** Opening The data block **

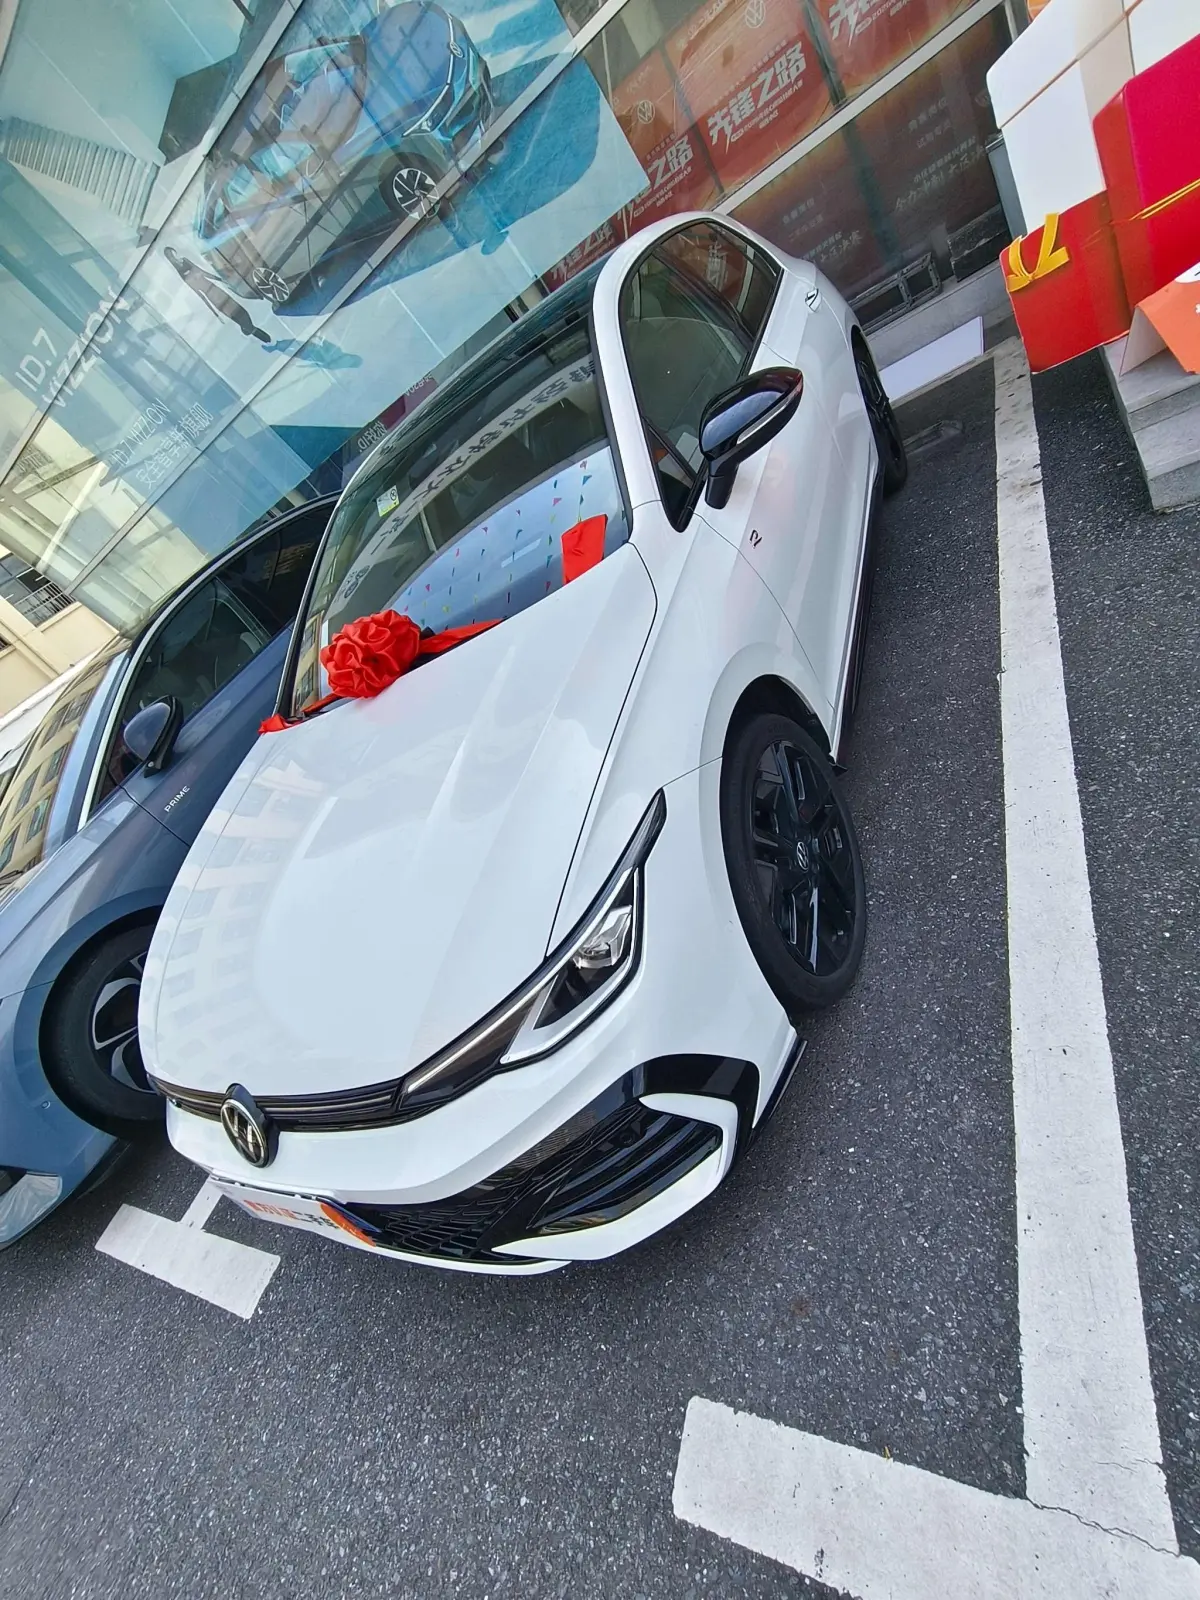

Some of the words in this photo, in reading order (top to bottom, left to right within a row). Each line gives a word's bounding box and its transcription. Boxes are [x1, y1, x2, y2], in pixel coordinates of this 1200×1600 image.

[707, 41, 807, 154] 先锋之路
[15, 327, 58, 392] ID.7
[42, 285, 130, 408] VIZZION
[129, 397, 172, 446] VIZZION
[164, 785, 190, 813] PRIME

** Closing The data block **

Exercise directions
The entries above are to be retyped exactly, with each picture left out.

Result of this exercise
Some of the words in this photo, in reading order (top to bottom, left to right within a row). Each line gives a word's bounding box and its transcription. Boxes are [x1, y1, x2, y2], in pixel coordinates of this 1200×1600 image.

[707, 41, 807, 154] 先锋之路
[15, 327, 58, 392] ID.7
[42, 285, 130, 408] VIZZION
[129, 397, 172, 446] VIZZION
[164, 785, 190, 813] PRIME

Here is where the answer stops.